Six-banded nomad bee (Nomada sexfasciata). Photo by Steven Falk from https://www.flickr.com/photos/63075200@N07/14543793634/in/album-72157633464339681/
This bee is a cuckoo bee, which lays her eggs in the burrows of yet another endangered bee, the long-horned bee (Eucera longicornis). The larvae of the cuckoo bee then eat the pollen stores that the long-horned bee has been lovingly storing up, but the fact that the cuckoo bee is now so rare is a bad sign – it means that there are now no longer enough long-horned bees to support it. And why is the long-horned bee so rare? Because it’s a specialist that only feeds on the flowers of legumes such as everlasting pea and kidney vetch. The interwoven populations in an area such as this AONB goes to show how important it is to save and restore habitat as a whole, rather than just targeting one species. These relationships have developed over millenia, and if you pull out one species, lots more go tumbling down.

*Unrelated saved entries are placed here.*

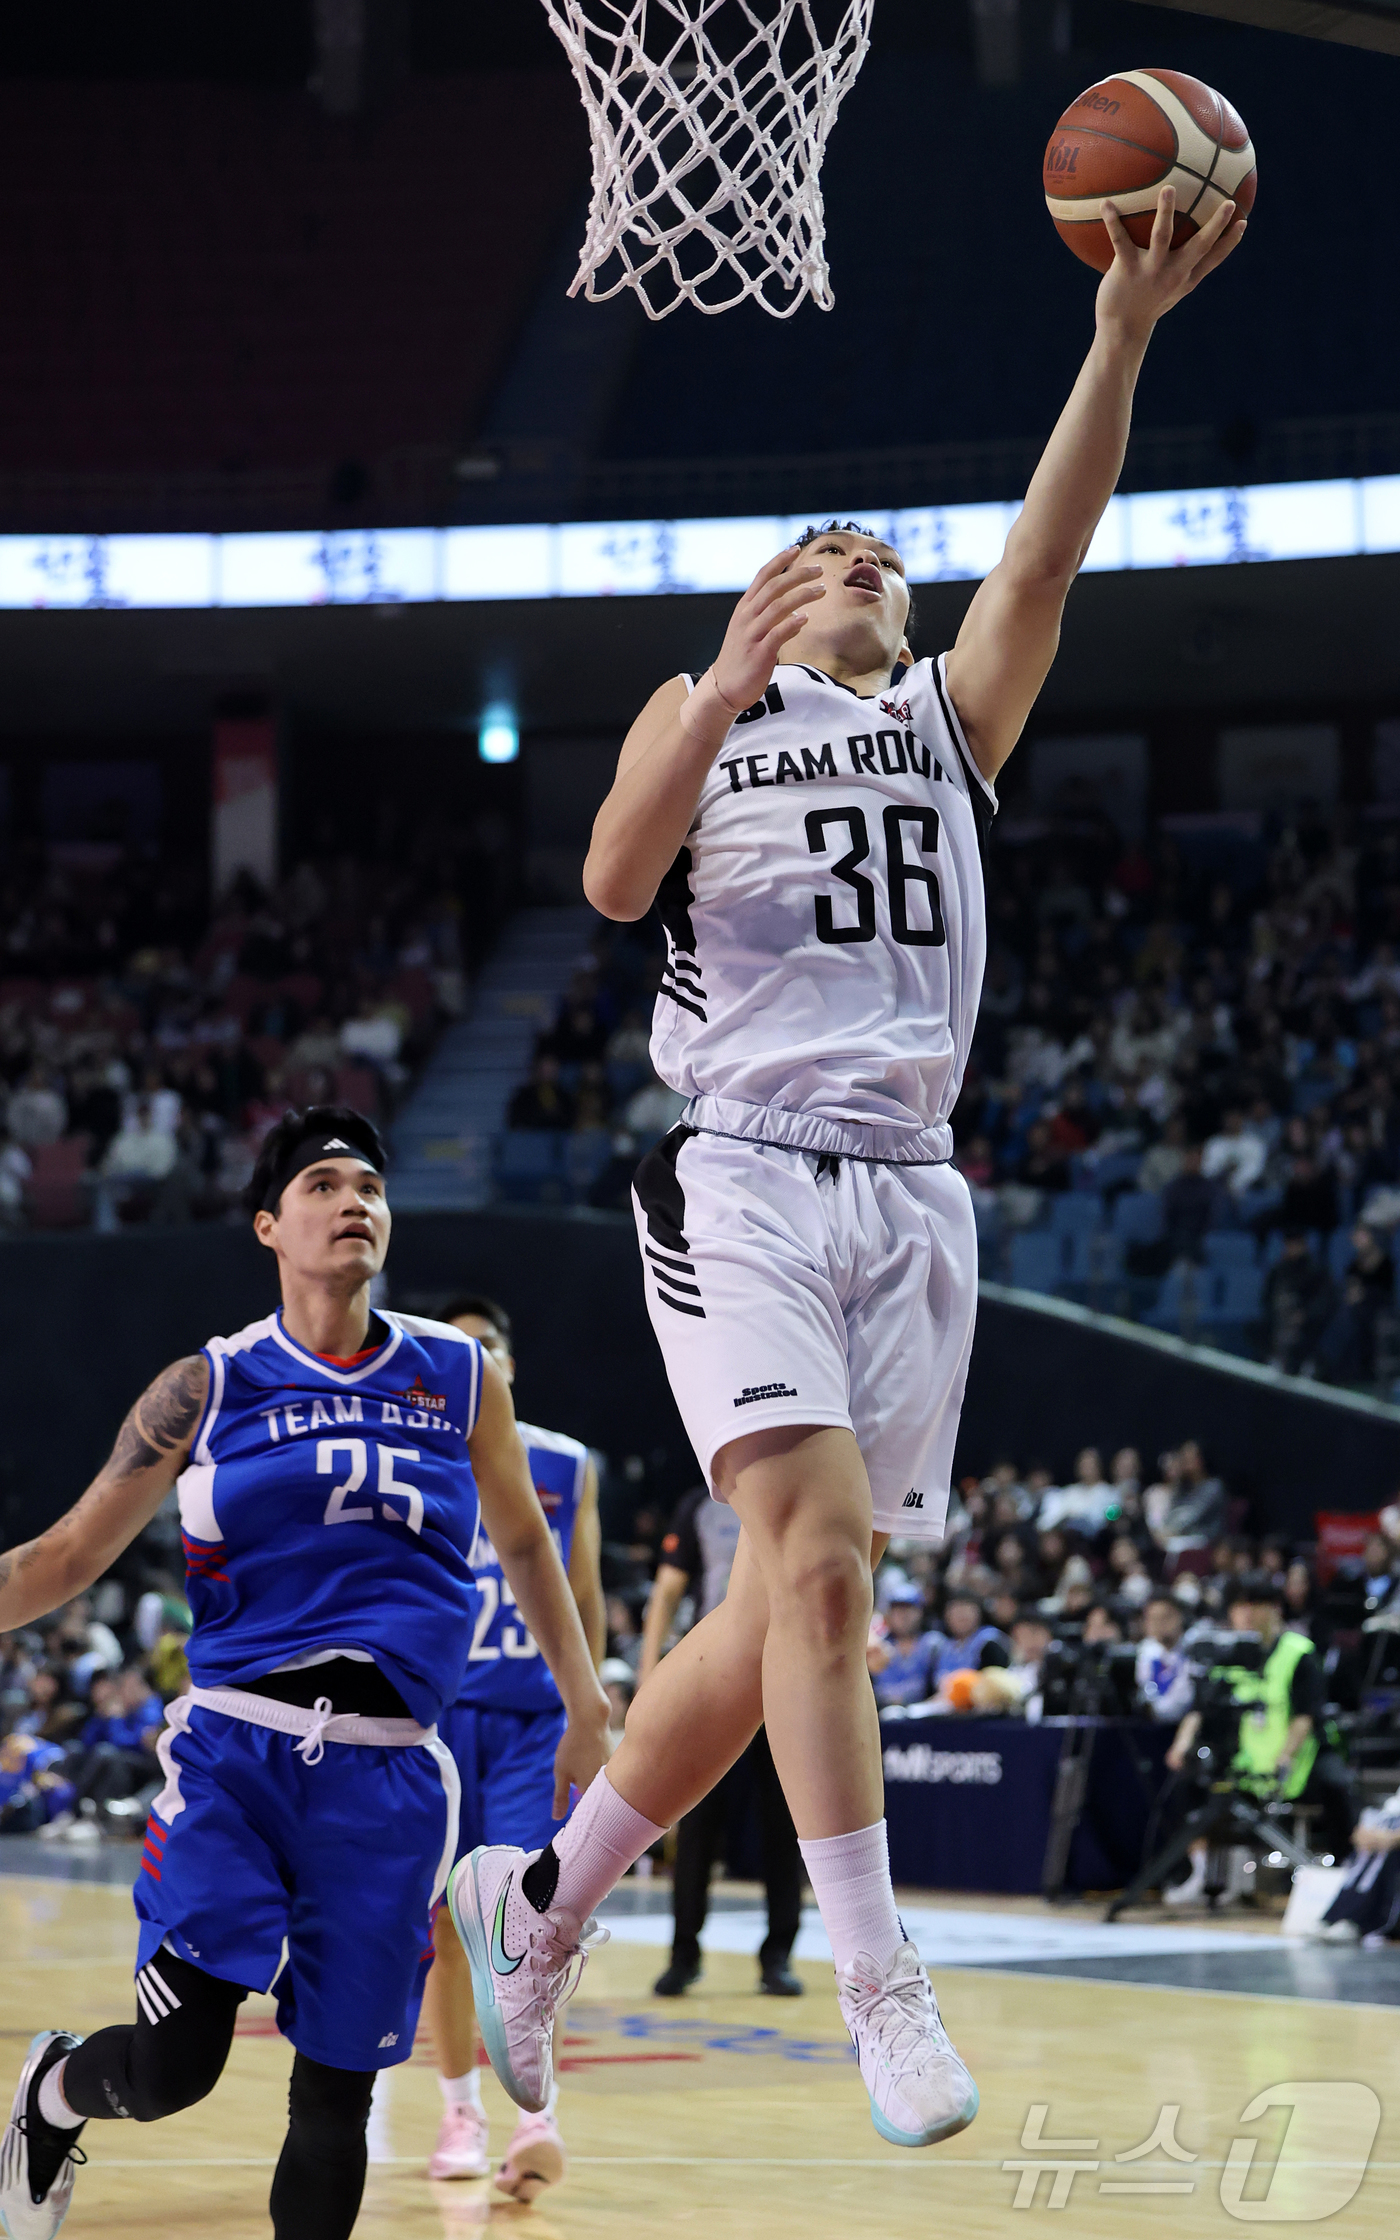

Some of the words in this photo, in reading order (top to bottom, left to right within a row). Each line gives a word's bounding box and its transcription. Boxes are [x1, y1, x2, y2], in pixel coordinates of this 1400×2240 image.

[719, 742, 838, 794] TEAM
[804, 805, 946, 947] 36
[733, 1388, 798, 1408] Illustrated
[741, 1382, 787, 1397] Sports
[259, 1395, 364, 1443] TEAM
[315, 1437, 425, 1537] 25
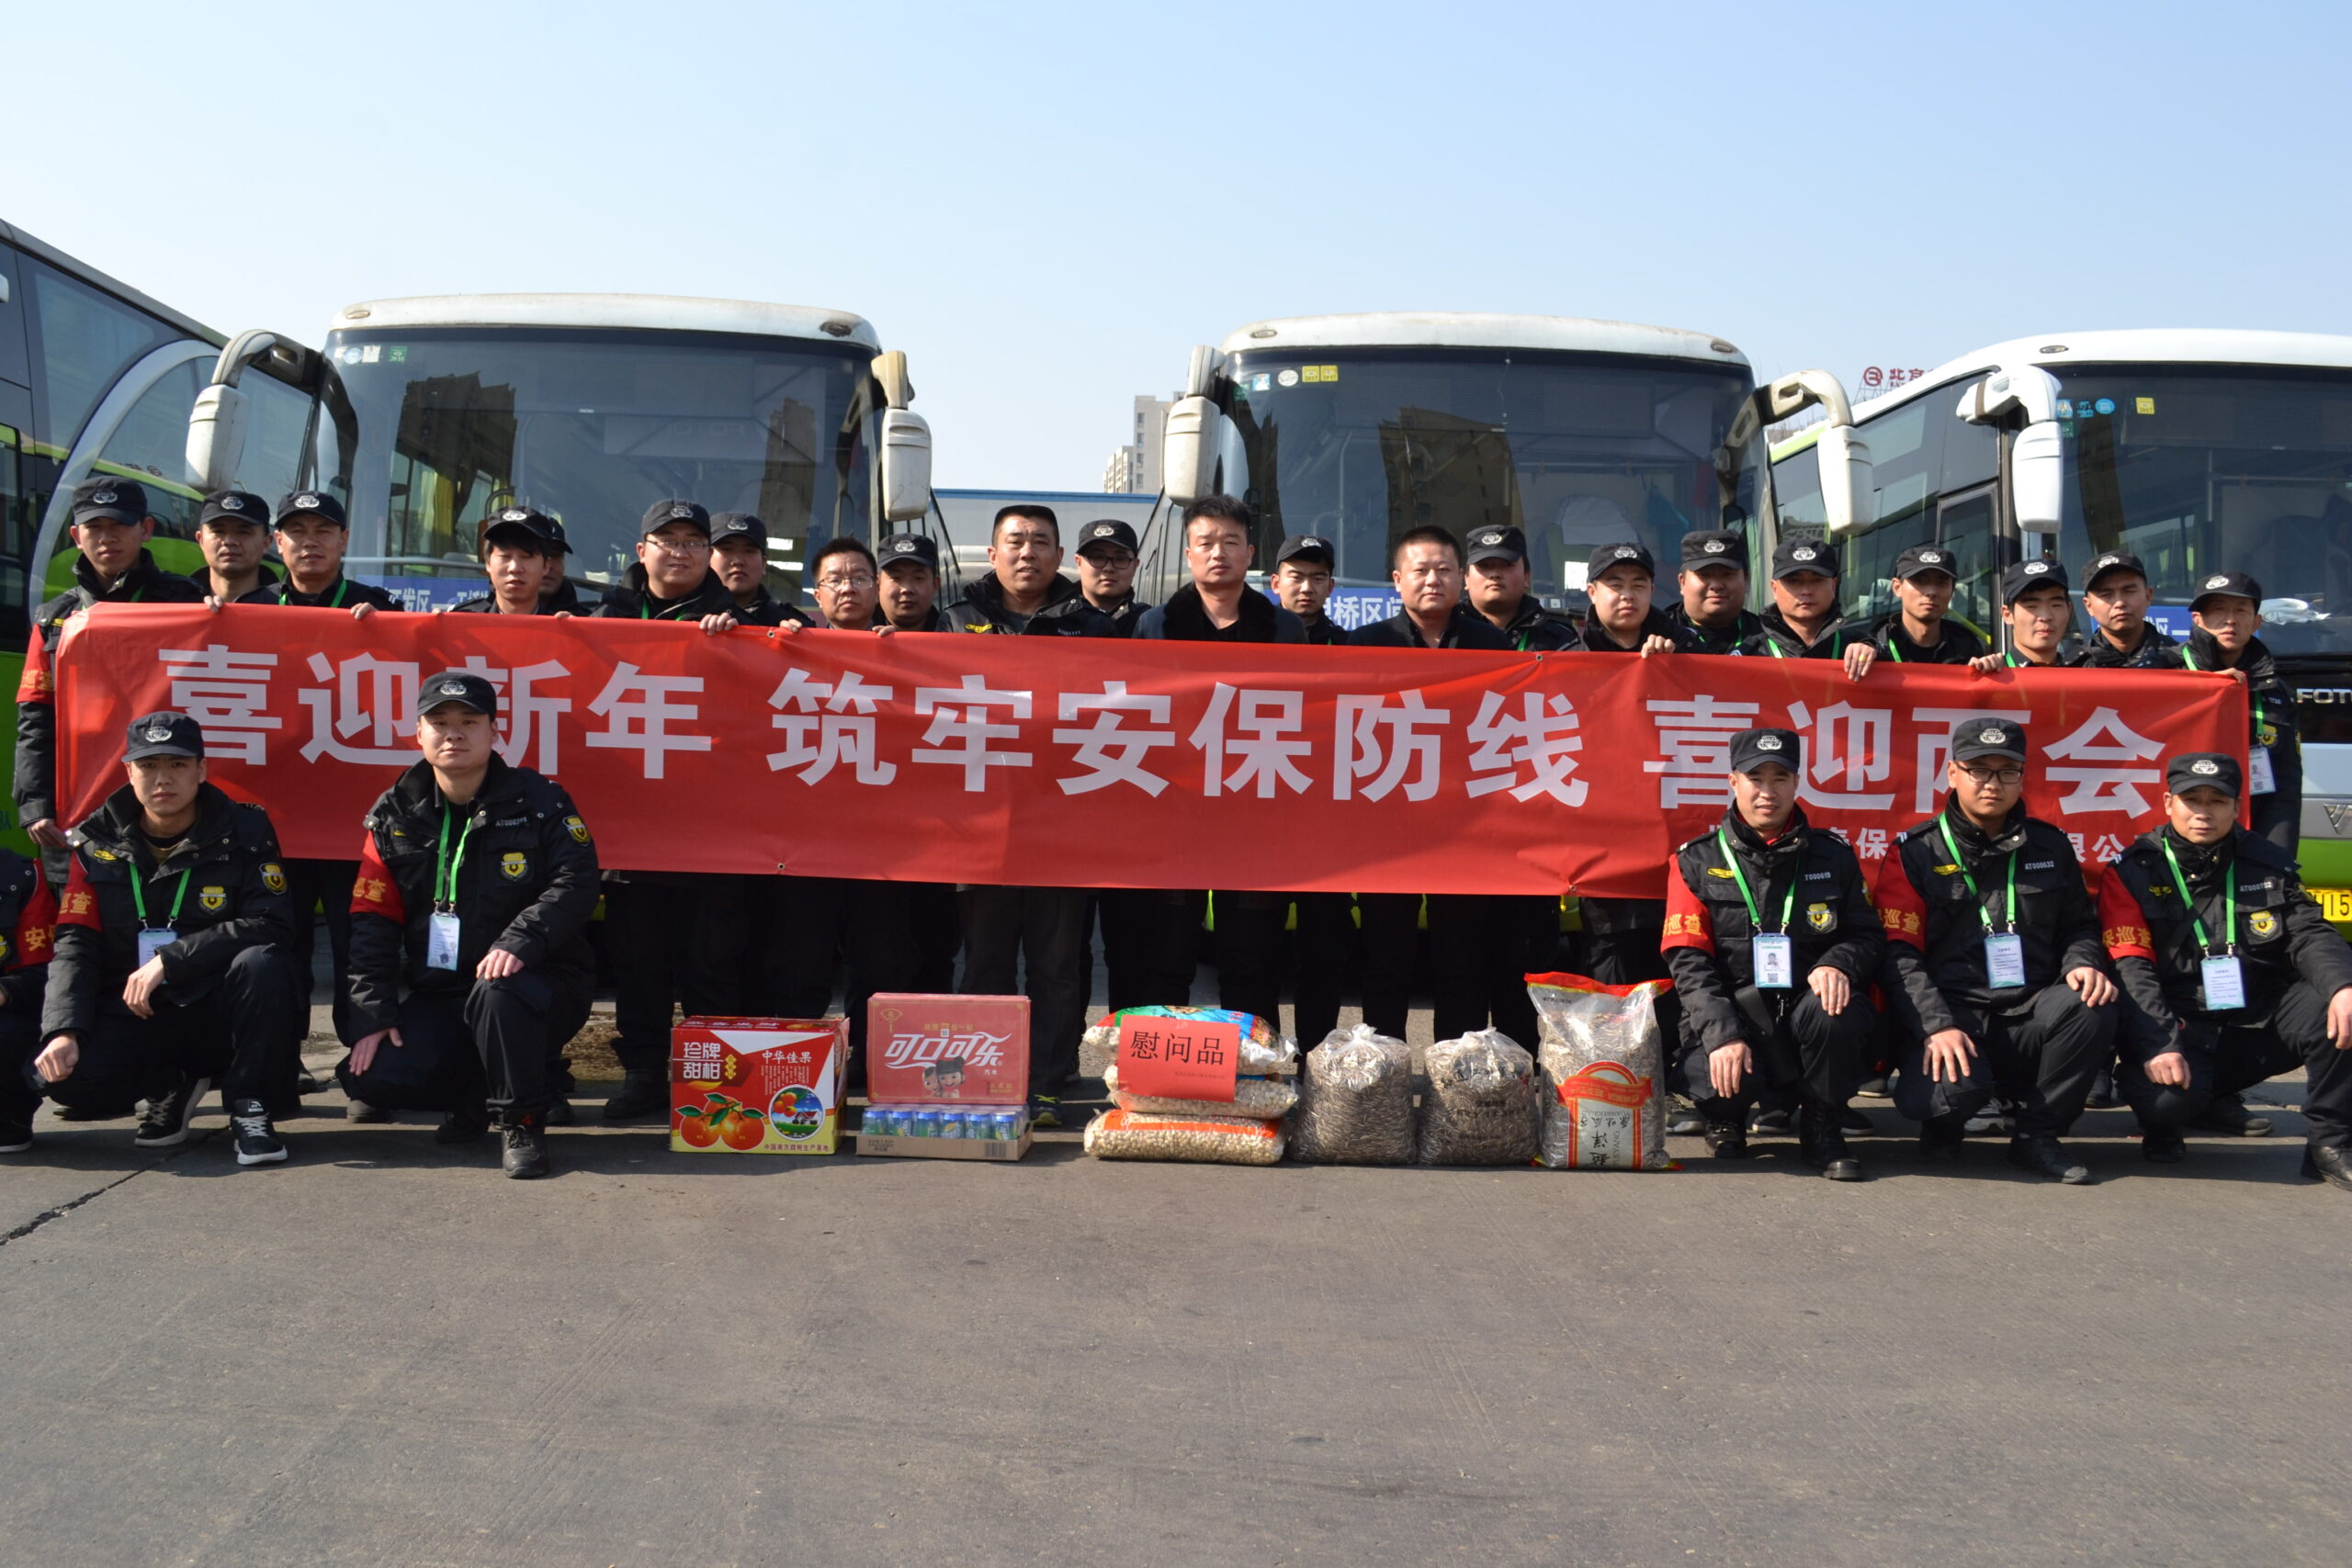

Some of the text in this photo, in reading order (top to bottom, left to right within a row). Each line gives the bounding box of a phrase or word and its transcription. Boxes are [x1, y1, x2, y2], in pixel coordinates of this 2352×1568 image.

The long-horned bee really is a beauty. Have a look at the male in the photo below. This species is an important pollinator of bee orchids, which the male tries to mate with under the misapprehension that they’re females. You can see why he might be confused.

Male long-horned bee (Eucera longicornis) Photo by By Cheryl Cummings – Own work, CC BY-SA 4.0, https://commons.wikimedia.org/w/index.php?curid=70289788

Bee Orchid (Ophrys apifera) Photo Bernard DUPONT from FRANCE
You can read more about the Life on the Edge project here – it’s hoping to secure funding from 2024 after this tranche of money ends, and the discovery of the brown-banded carder bee can only be a positive and hopeful sign. The sighting was confirmed on 19th December, and I can just imagine what a wonderful Christmas present it was for everyone involved in the project. Fingers crossed that it continues to deliver such positive results, and many thanks to Ann Bronkhorst for pointing me in the direction of the story.
Such positive news is always welcome.
I love the description of the mosaic of habitats, large and small, that the Life on the Edge project aims to encourage. Shows how important scrubby, small patches can be.